[Problem to solve] Copy each entry below verbatim. Skip the pictures.

+++++

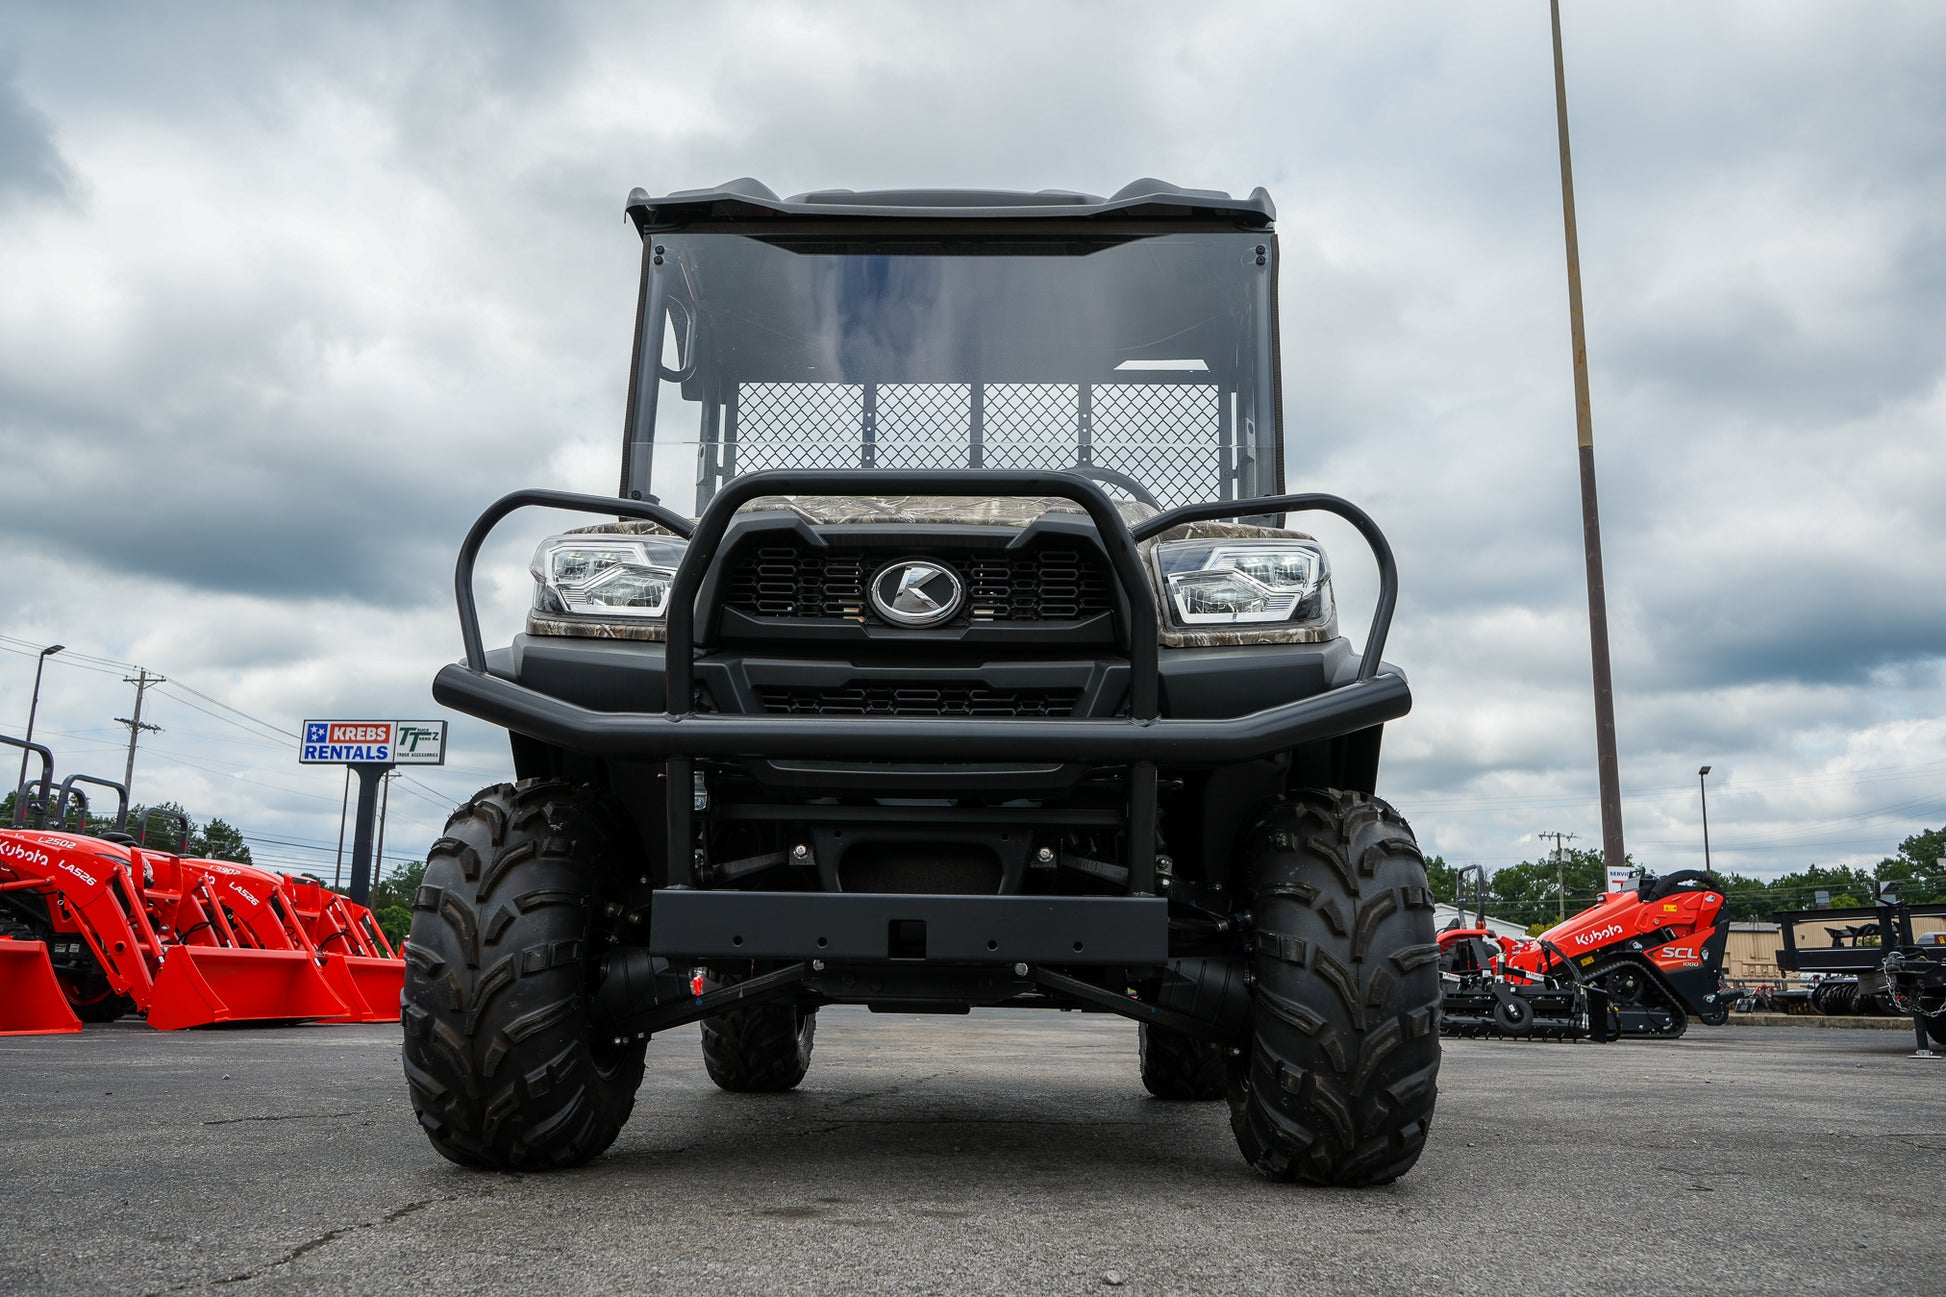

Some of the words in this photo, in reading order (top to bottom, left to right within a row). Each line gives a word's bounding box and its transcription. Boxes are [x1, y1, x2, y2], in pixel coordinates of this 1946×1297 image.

[333, 726, 387, 741] KREBS
[304, 745, 389, 760] RENTALS
[37, 836, 77, 849] L2502
[58, 859, 97, 886] LA526
[229, 881, 260, 906] LA526
[1575, 924, 1623, 945] Kubota
[1661, 947, 1699, 959] SCL

+++++

[Reply to the task]
Some of the words in this photo, in reading order (top to bottom, left to right within a row). Each line gives a word's bounding box and its transcription. Boxes are [x1, y1, x2, y2], in pixel coordinates of this 1946×1297 image.

[333, 726, 387, 741] KREBS
[304, 745, 389, 760] RENTALS
[37, 836, 77, 849] L2502
[58, 859, 97, 886] LA526
[229, 881, 260, 906] LA526
[1575, 924, 1623, 945] Kubota
[1661, 947, 1699, 959] SCL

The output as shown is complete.